▶ [Recorded information]:

───

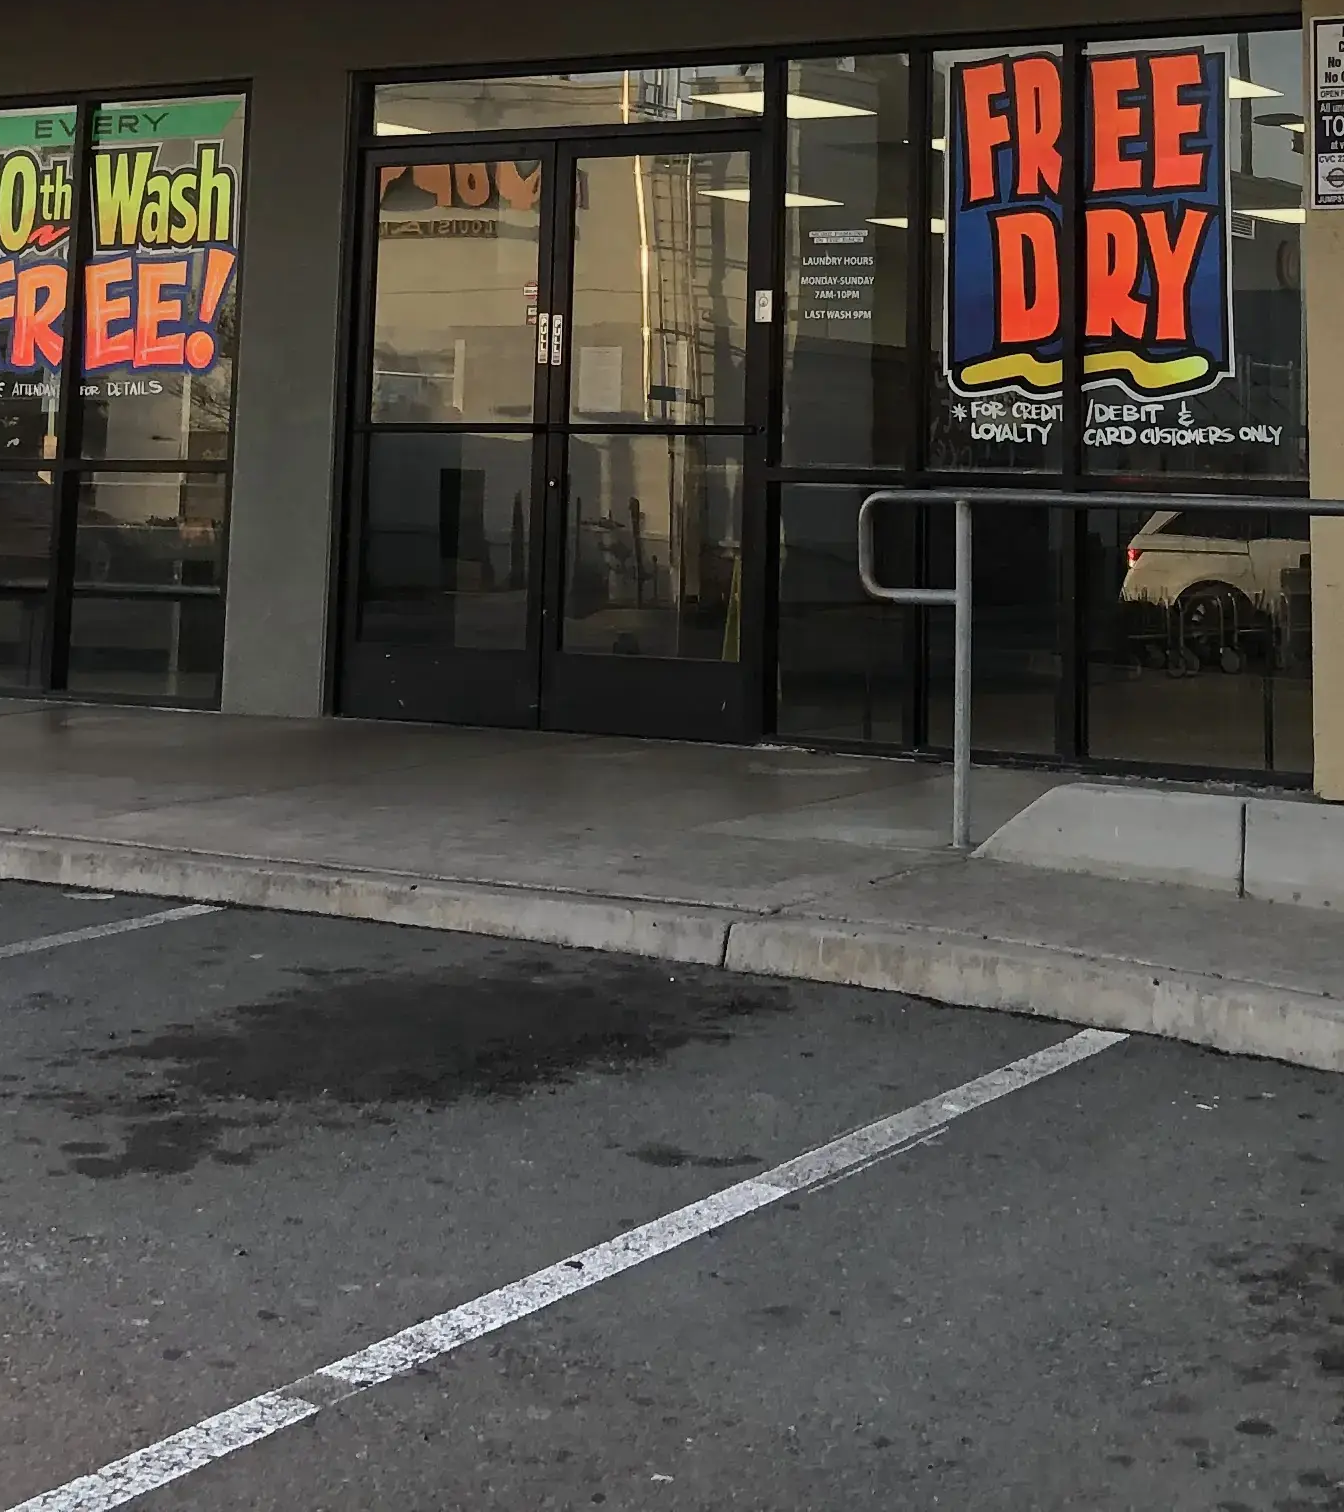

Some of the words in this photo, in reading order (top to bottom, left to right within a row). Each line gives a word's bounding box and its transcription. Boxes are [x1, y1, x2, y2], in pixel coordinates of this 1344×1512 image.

[1327, 56, 1341, 68] No
[1324, 71, 1338, 83] No
[1320, 89, 1339, 98] OPEN
[1320, 103, 1331, 113] All
[34, 112, 169, 139] EVERY
[962, 54, 1204, 202] FREE
[1330, 140, 1338, 149] at
[1318, 155, 1335, 163] CVC
[95, 149, 231, 246] Wash
[802, 256, 843, 266] LAUNDRY
[843, 256, 874, 266] HOURS
[800, 276, 875, 285] MONDAY-SUNDAY
[995, 208, 1208, 343] DRY
[814, 290, 860, 299] 7AM-10PM
[804, 310, 826, 319] LAST
[826, 310, 852, 319] WASH
[852, 310, 872, 319] 9PM
[554, 319, 562, 353] PULL
[79, 385, 100, 395] FOR
[107, 380, 163, 397] DETAILS
[971, 401, 1006, 419] FOR
[1012, 401, 1064, 422] CREDIT
[970, 422, 1053, 445] LOYALTY
[1083, 426, 1137, 446] CARD
[1140, 426, 1235, 446] CUSTOMERS
[1239, 425, 1283, 446] ONLY
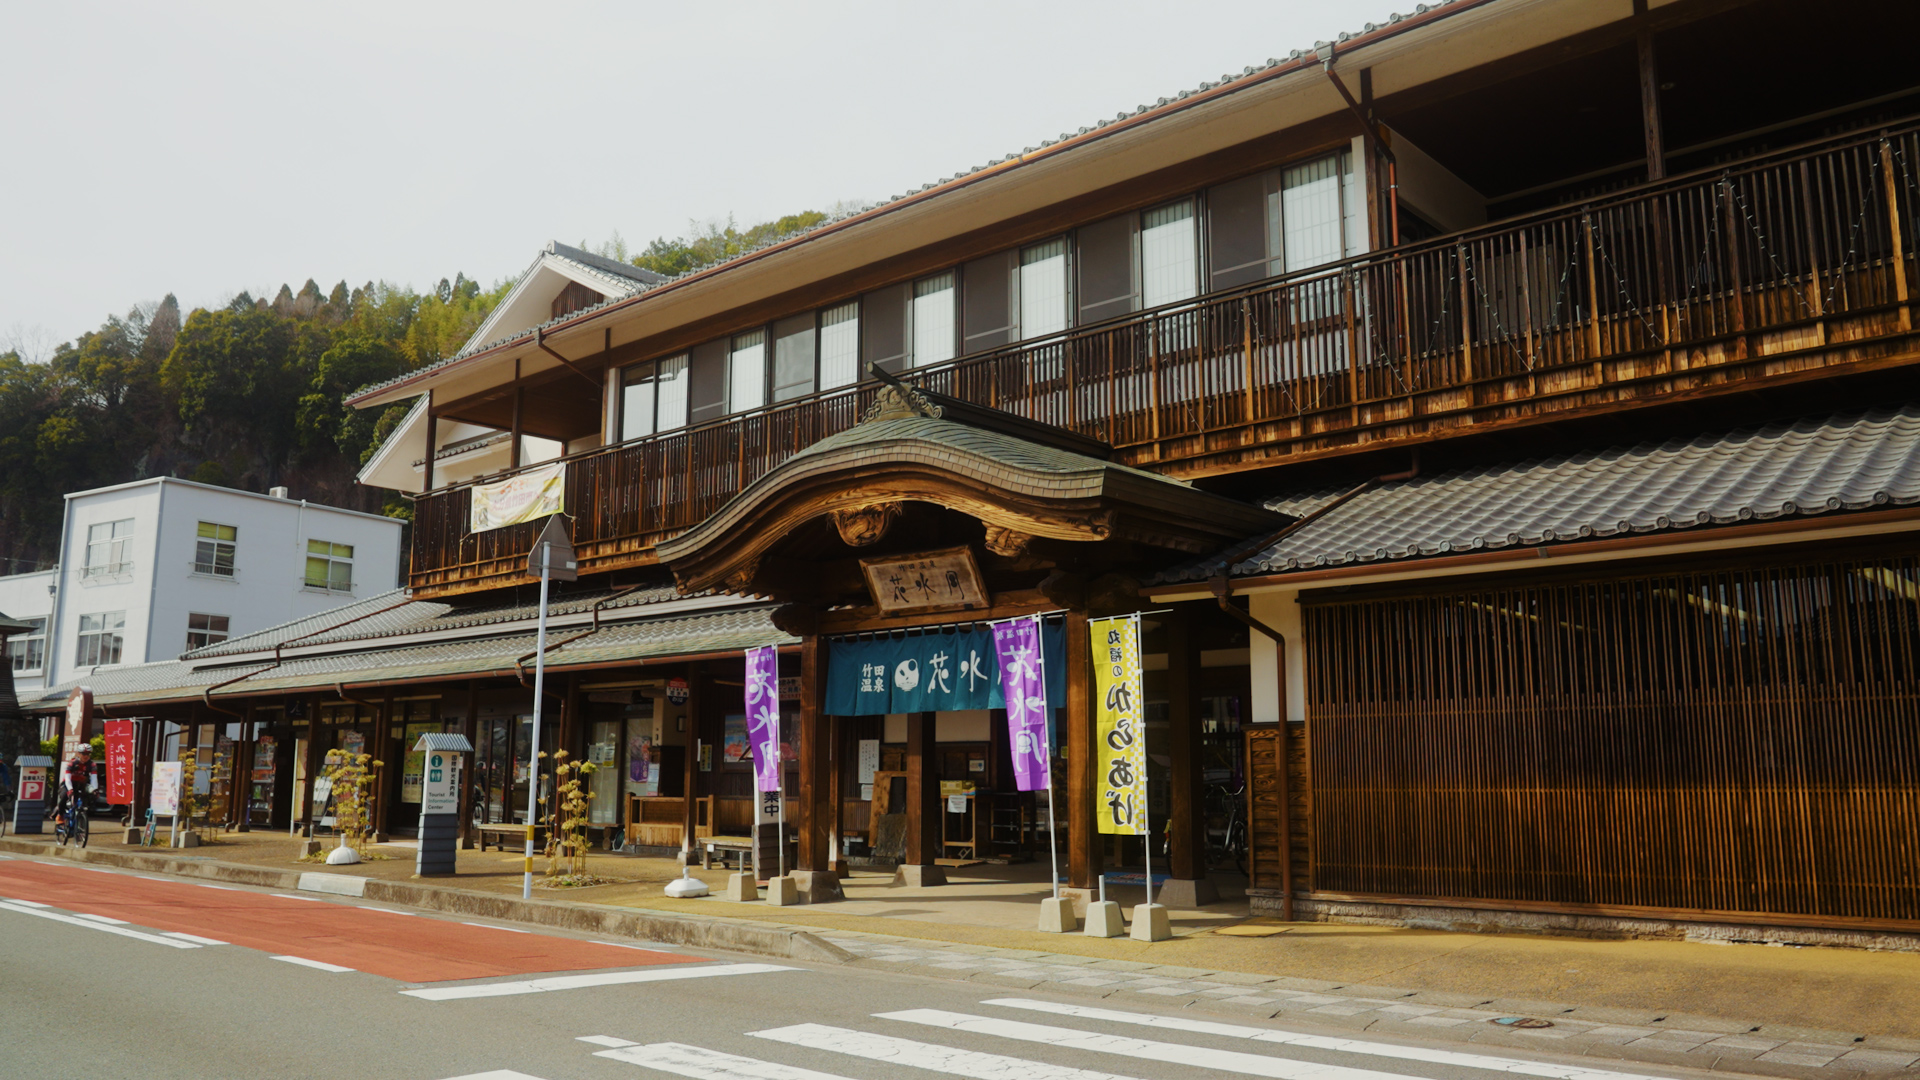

───

▶ [Exercise]:
The whole listing above must be duplicated word for word, apart from its pictures.

▶ [Answer for the task]:
Some of the words in this photo, in reading order (top to bottom, left to right within a row). Each line gives a word's bounding box and its transcription. Boxes are [x1, y1, x2, y2], in pixel coordinates of this 1344×1512 image.

[1327, 56, 1341, 68] No
[1324, 71, 1338, 83] No
[1320, 89, 1339, 98] OPEN
[1320, 103, 1331, 113] All
[34, 112, 169, 139] EVERY
[962, 54, 1204, 202] FREE
[1330, 140, 1338, 149] at
[1318, 155, 1335, 163] CVC
[95, 149, 231, 246] Wash
[802, 256, 843, 266] LAUNDRY
[843, 256, 874, 266] HOURS
[800, 276, 875, 285] MONDAY-SUNDAY
[995, 208, 1208, 343] DRY
[814, 290, 860, 299] 7AM-10PM
[804, 310, 826, 319] LAST
[826, 310, 852, 319] WASH
[852, 310, 872, 319] 9PM
[554, 319, 562, 353] PULL
[79, 385, 100, 395] FOR
[107, 380, 163, 397] DETAILS
[971, 401, 1006, 419] FOR
[1012, 401, 1064, 422] CREDIT
[970, 422, 1053, 445] LOYALTY
[1083, 426, 1137, 446] CARD
[1140, 426, 1235, 446] CUSTOMERS
[1239, 425, 1283, 446] ONLY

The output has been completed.